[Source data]

□ □ □

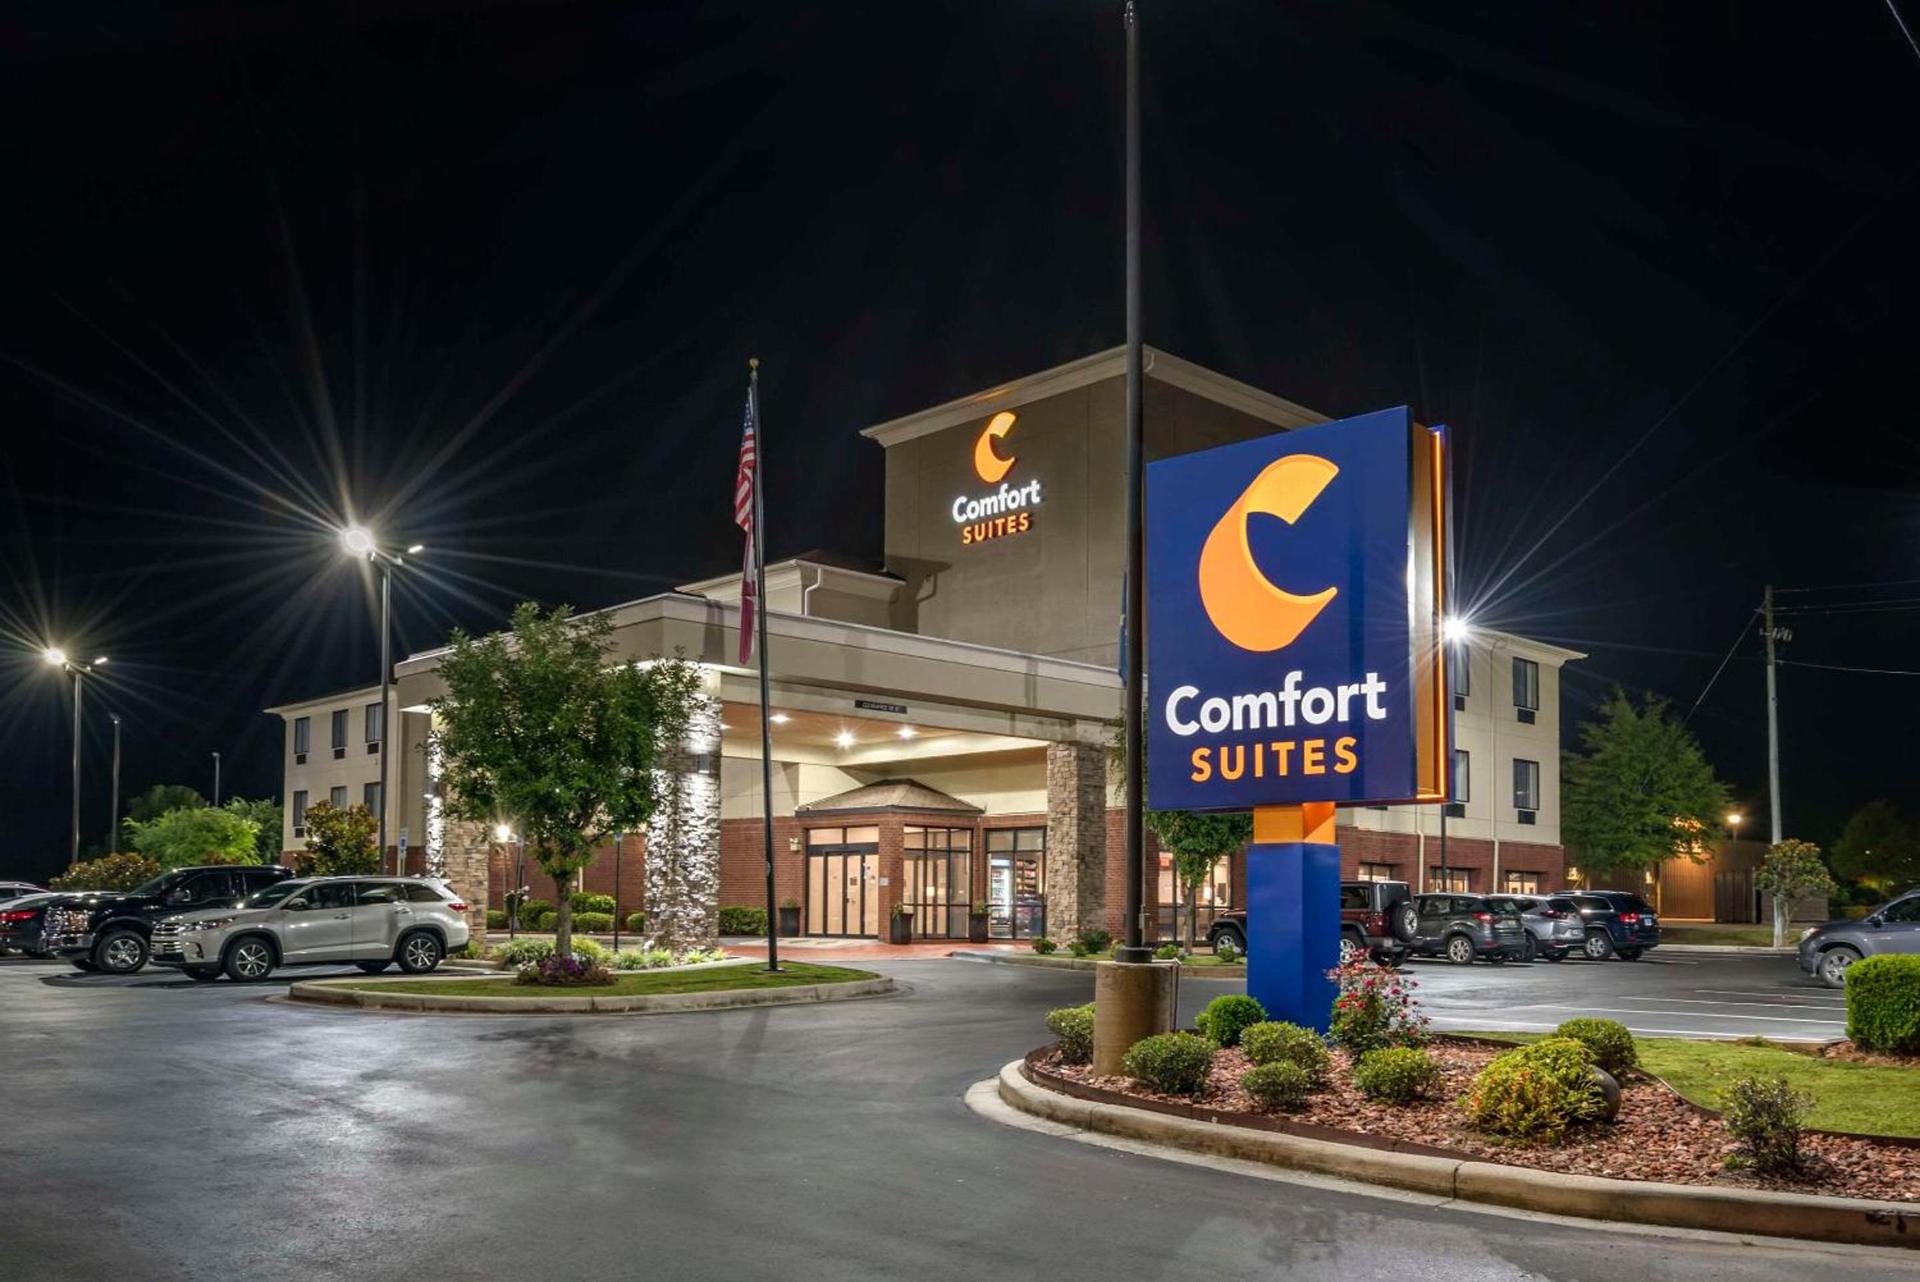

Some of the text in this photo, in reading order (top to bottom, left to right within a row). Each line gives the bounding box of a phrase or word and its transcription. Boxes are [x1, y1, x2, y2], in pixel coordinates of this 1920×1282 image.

[952, 479, 1041, 523] Comfort
[962, 512, 1030, 544] SUITES
[1165, 670, 1387, 736] Comfort
[1191, 736, 1358, 783] SUITES

□ □ □

[WHAT YOU SHOULD DO] Keep the pictures out and print all the records exactly as they are.

[RESPONSE AREA]
Some of the text in this photo, in reading order (top to bottom, left to right within a row). Each line gives the bounding box of a phrase or word and its transcription. Boxes are [x1, y1, x2, y2], in pixel coordinates of this 1920×1282 image.

[952, 479, 1041, 523] Comfort
[962, 512, 1030, 544] SUITES
[1165, 670, 1387, 736] Comfort
[1191, 736, 1358, 783] SUITES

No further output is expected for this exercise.